Input material Block Start
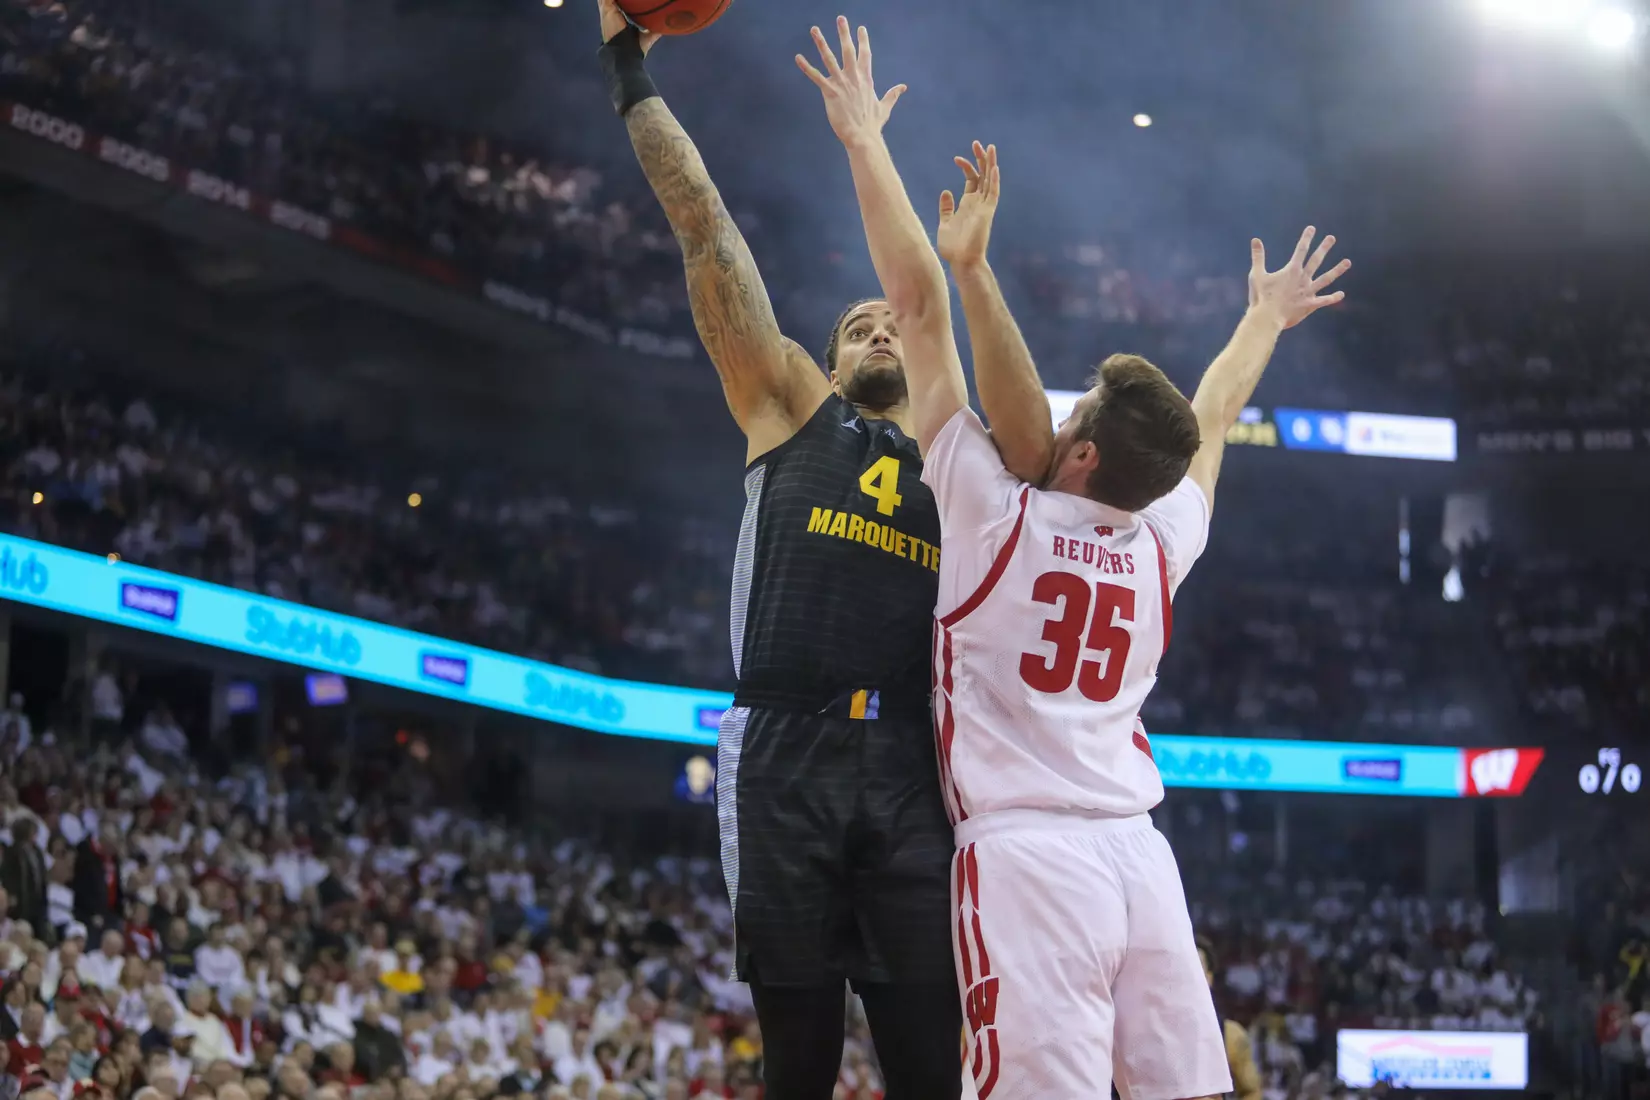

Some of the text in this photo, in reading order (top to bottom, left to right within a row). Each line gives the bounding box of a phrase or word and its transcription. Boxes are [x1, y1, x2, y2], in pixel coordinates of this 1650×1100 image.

[10, 102, 84, 150] 2000
[858, 456, 903, 517] 4
[806, 506, 941, 575] MARQUETTE
[1052, 534, 1135, 575] REUVERS
[1019, 571, 1136, 703] 35
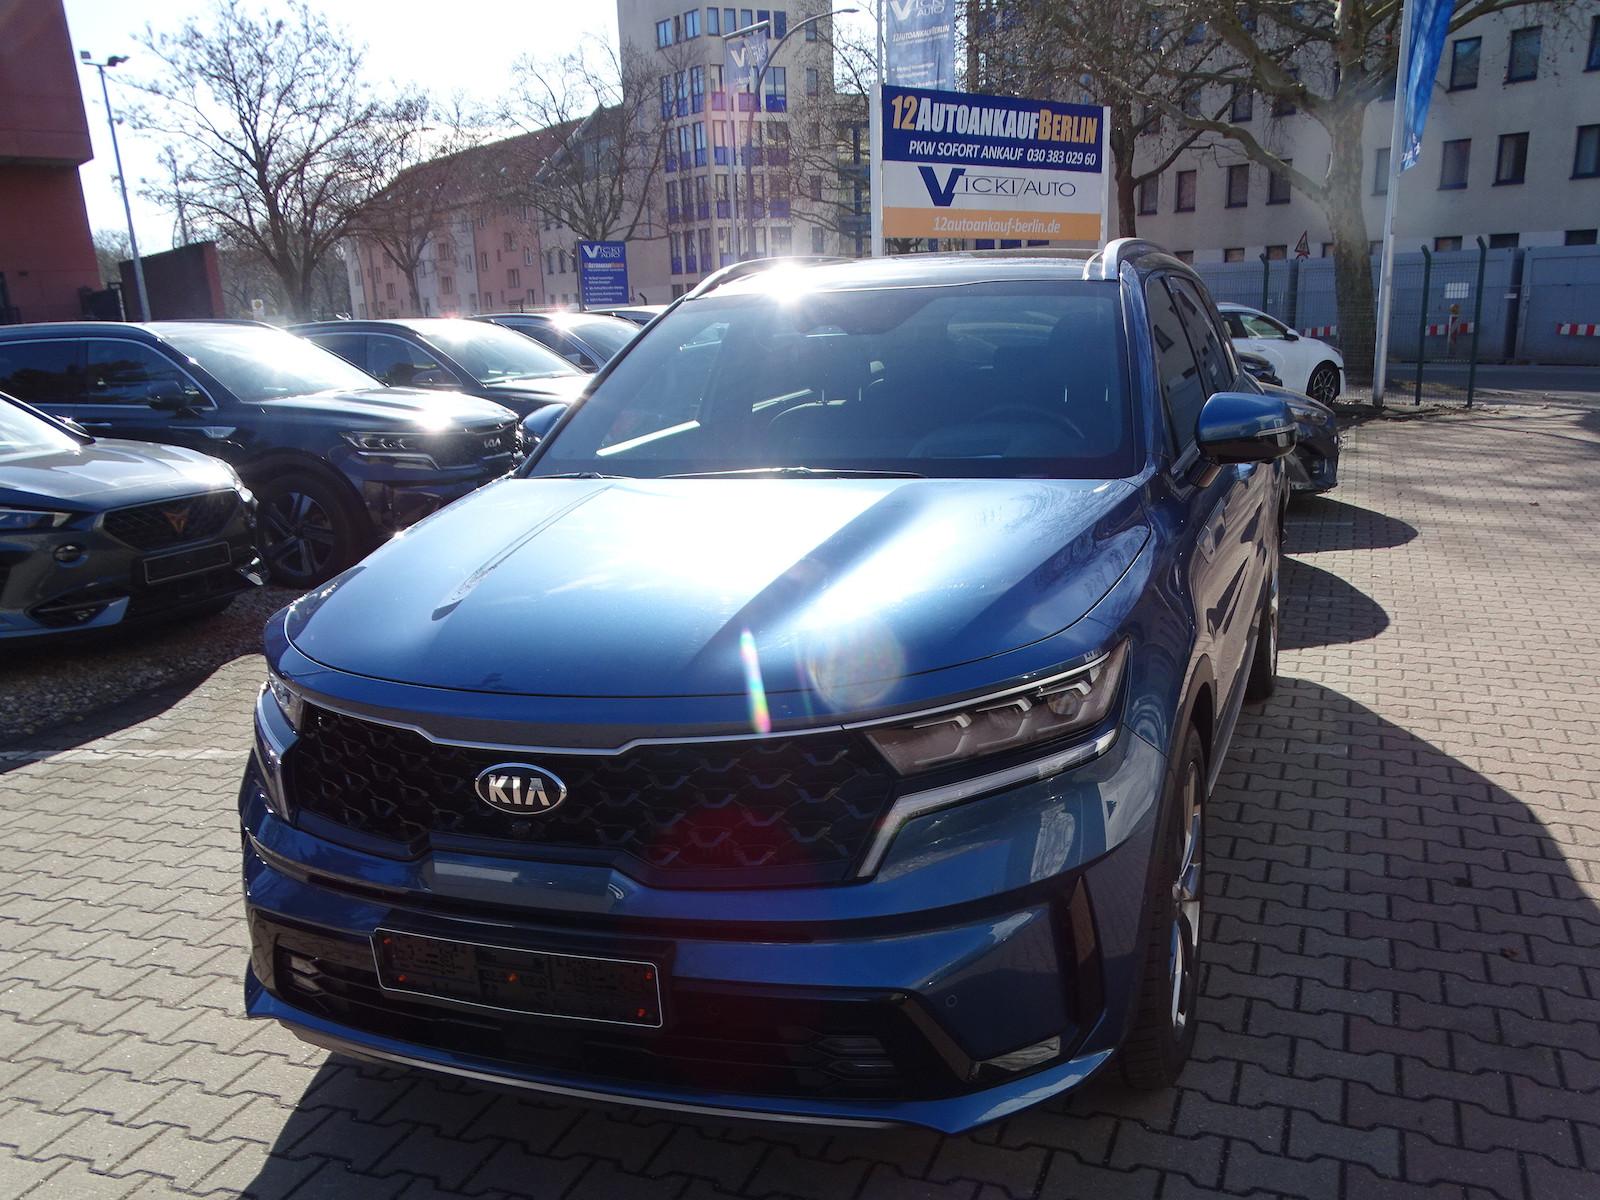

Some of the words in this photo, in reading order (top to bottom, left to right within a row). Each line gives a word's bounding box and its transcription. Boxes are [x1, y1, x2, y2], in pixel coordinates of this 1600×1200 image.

[909, 140, 936, 156] PKW
[937, 142, 980, 159] SOFORT
[981, 145, 1024, 161] ANKAUF
[1027, 148, 1047, 163] 030
[1047, 149, 1065, 164] 383
[1065, 151, 1083, 165] 029
[1084, 152, 1096, 165] 60
[932, 216, 1061, 235] 12autoankauf-berlin.de
[488, 774, 551, 807] KIA
Input material Block End
Your answer must consist only of the lines from the one with "Some of the words" through the final line of the entries, each retyped exactly.

▶ **Expected answer**
Some of the words in this photo, in reading order (top to bottom, left to right within a row). Each line gives a word's bounding box and its transcription. Boxes are [x1, y1, x2, y2], in pixel coordinates of this 1600×1200 image.

[909, 140, 936, 156] PKW
[937, 142, 980, 159] SOFORT
[981, 145, 1024, 161] ANKAUF
[1027, 148, 1047, 163] 030
[1047, 149, 1065, 164] 383
[1065, 151, 1083, 165] 029
[1084, 152, 1096, 165] 60
[932, 216, 1061, 235] 12autoankauf-berlin.de
[488, 774, 551, 807] KIA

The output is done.